At the end of the day, with my books and papers stuffed into the pack, I walked from school into town, and when I reached St. Mark’s, Sands was standing there, waiting. Instead of lying I said, “I’m sorry at not being for work. I won’t again.”
“You feeling okay?”
“Okay, sure.”
“It’s not too hard for you.”
“Not ever.”
“All right, I made a couple more dump runs yesterday, so in another few days we can start getting ready for the walls. Get your boots on.”
“I’ll be to paying you for them.”
“I’m not worried.”
“You’re not going to fire me off?”
“Probably not. We’ll see how you work today.”
He smiled, so that I wondered if he could be joking. I changed what was on my feet and started filling the truck bed with the broken mortar and slate and small pieces of stone.
“Whoa,” he said. “Whoa, Laney. You can’t keep up that pace. Take it slow.”

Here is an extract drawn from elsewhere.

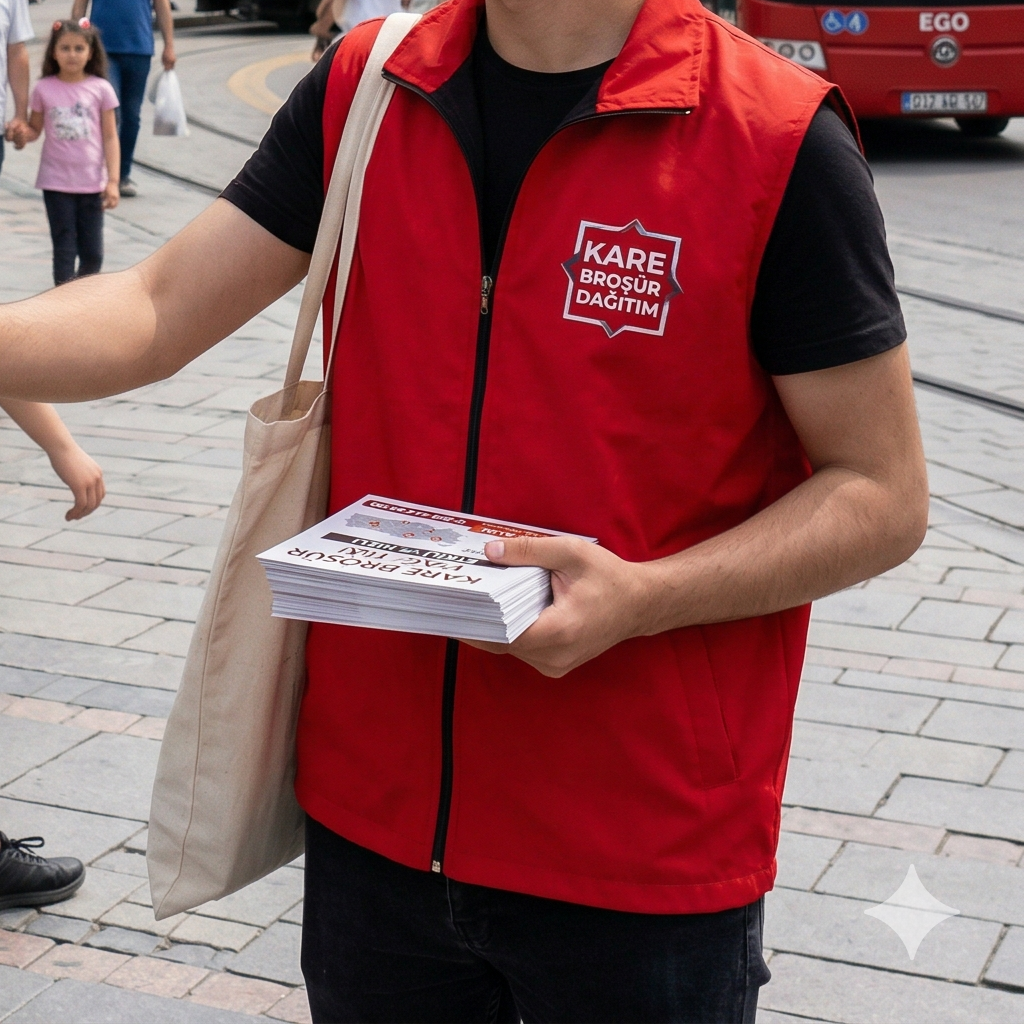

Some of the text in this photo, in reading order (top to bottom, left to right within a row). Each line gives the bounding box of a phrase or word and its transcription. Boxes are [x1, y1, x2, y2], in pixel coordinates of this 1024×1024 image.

But I worked like a plow horse that afternoon, not stopping to rest until Sands forced me to, packing stones and scrap into the pickup as if my survival in this world depended on it.
Ten
A
nd my life did depend on it, I see that now. The work saved me. Little by little, day by day, I started to know stone, to understand the fault lines along which a piece could be broken with a single hammer strike and the ways two stones could best be fit together in a wall. I learned how to make mortar by adding water to the powdery gray mix that came in eighty-pound bags (Sands had to lift those). I learned to be careful opening the bags with the shovel blade because the dust would burn your eyes, and to clean the shovel, hoe, and wheelbarrow immediately to keep the mortar from hardening there.
Sands showed me these things with a teacher’s patience, and seemed kind enough, but he was a mystery, too. He talked only a little more than my parents. Concentrating on setting a stone in place, or on sawing and nailing pieces of wood to make the frame for the thick lower section of the walls, he seemed to me to be working out some problem in the center of himself, and I suspected it had nothing to do with what he called “the cathedral.” I studied him the way I studied all the people in my life, noticing the changes of his mood, the times when the edge of his patience came into view, even small physical details like the sickle-shaped scar on the top of his right forearm and the small
flourish he made with his hand whenever he set down a tool, as if he was brushing bad air away from it.